The Earl was dead.

Even after that, knowing the worst, she still refused. She held the island now for her King. Then treachery came to the help of the enemy. William Christian, the Receiver-General of the Earl, won over the garrison, and surrendered the island to the Parliamentarian fleet, which completely surrounded the coasts.

These Christians had long occupied high positions under the rulers of Man, being deemsters and controllers of special departments of public government. But already more than once the Earl had had good grounds for displeasure and mistrust against them. He had some time before deprived Edward Christian of authority in favour of one Captain Greenhaigh; (though he had not withdrawn his countenance from the family of Christian), who, in the meantime, had died. When Lord Derby left Man to go to the assistance of Charles II. he confided the forces of the island to William Christian, this unfaithful Edward’s son. Never was confidence more misplaced. William Christian allowed himself to be corrupted; he admitted the Parliamentary troops into the island at dead of night, and daybreak found Lady Derby and her children prisoners in Castle Rushen. For two months she was detained prisoner in the island; then they let her go free, in a forlorn quest of justice from Cromwell. “She who had brought to this country fifty thousand pounds sterling had not so much as a morsel of bread to eat, and was indebted for all to her friends, almost as unfortunate as herself.”

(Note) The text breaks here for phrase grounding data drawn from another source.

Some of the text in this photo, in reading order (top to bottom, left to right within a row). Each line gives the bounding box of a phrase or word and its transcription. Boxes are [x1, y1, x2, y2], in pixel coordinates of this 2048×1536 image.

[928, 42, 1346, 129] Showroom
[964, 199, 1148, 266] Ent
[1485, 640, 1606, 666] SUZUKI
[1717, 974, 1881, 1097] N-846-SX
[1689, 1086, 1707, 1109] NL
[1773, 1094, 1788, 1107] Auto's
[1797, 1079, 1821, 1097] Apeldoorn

This William Christian is a great hero with Manxmen. Iliam Dhône, or “Fair-haired William,” is the subject of a long and doleful ballad, which is still popular in the island. Eleven years later, when the King had his own again, and the murdered Earl’s son Edward was once more the Lord of Man, a day of retribution came to William Dhône. He was tried for that day’s work of giving up the Isle of Man to the Parliamentarians, and shot for a traitor on Hango Hill. The young Earl met with great blame for his part in this act. There were extenuating circumstances for William Christian’s actions. The trial was a mock proceeding. A tale goes that a pardon was sent him on the day before the one fixed for his execution, and that it was laid hands on, and intercepted by an enemy, being afterwards found in the foot of an old woman’s stocking.

“Protect,”

runs the ballad,

“every mortal from enmity foul,

For thy fate, William Dhône, sickens our soul.”

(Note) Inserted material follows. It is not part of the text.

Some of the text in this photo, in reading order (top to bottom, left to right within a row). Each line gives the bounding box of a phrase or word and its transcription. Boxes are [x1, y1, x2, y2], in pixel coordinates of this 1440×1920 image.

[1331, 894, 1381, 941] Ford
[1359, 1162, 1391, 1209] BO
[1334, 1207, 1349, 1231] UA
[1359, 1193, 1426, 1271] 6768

Audi alteram bartem. The Christians and those they represented of the Manx people had had grievances against certain high-handed doings of the late Earl, but, the tale all told, sympathy for fair-haired William’s fate is not easy to muster; and if it be true that the Countess of Derby had a share in hastening his end, it is not necessary to be blind to the fact that she would, if she could have compassed it, have visited similar lynch-law justice on those “court-martial” judges who condemned her husband to the block. In her virtues and in her failings—sins, if so they were—there was nothing small about Charlotte of Derby when great crises hung over her.

These past, she was just again the ordinary grande dame of her time. The daily round and common task of existence pleased her well enough. Henceforth the remaining years of her life were devoted to two primary ends—the placing in life of her children, and the recovery of her money and lawful possessions. For this last, her fortunes ran side by side with those of the exiled King and of many another devoted Royalist family; but they were at their lowest ebb on the days succeeding Worcester fight. Steady, but so gradual as to be for long imperceptible, was the inflow of the tide; and only the passing years really marked the turn of national affairs.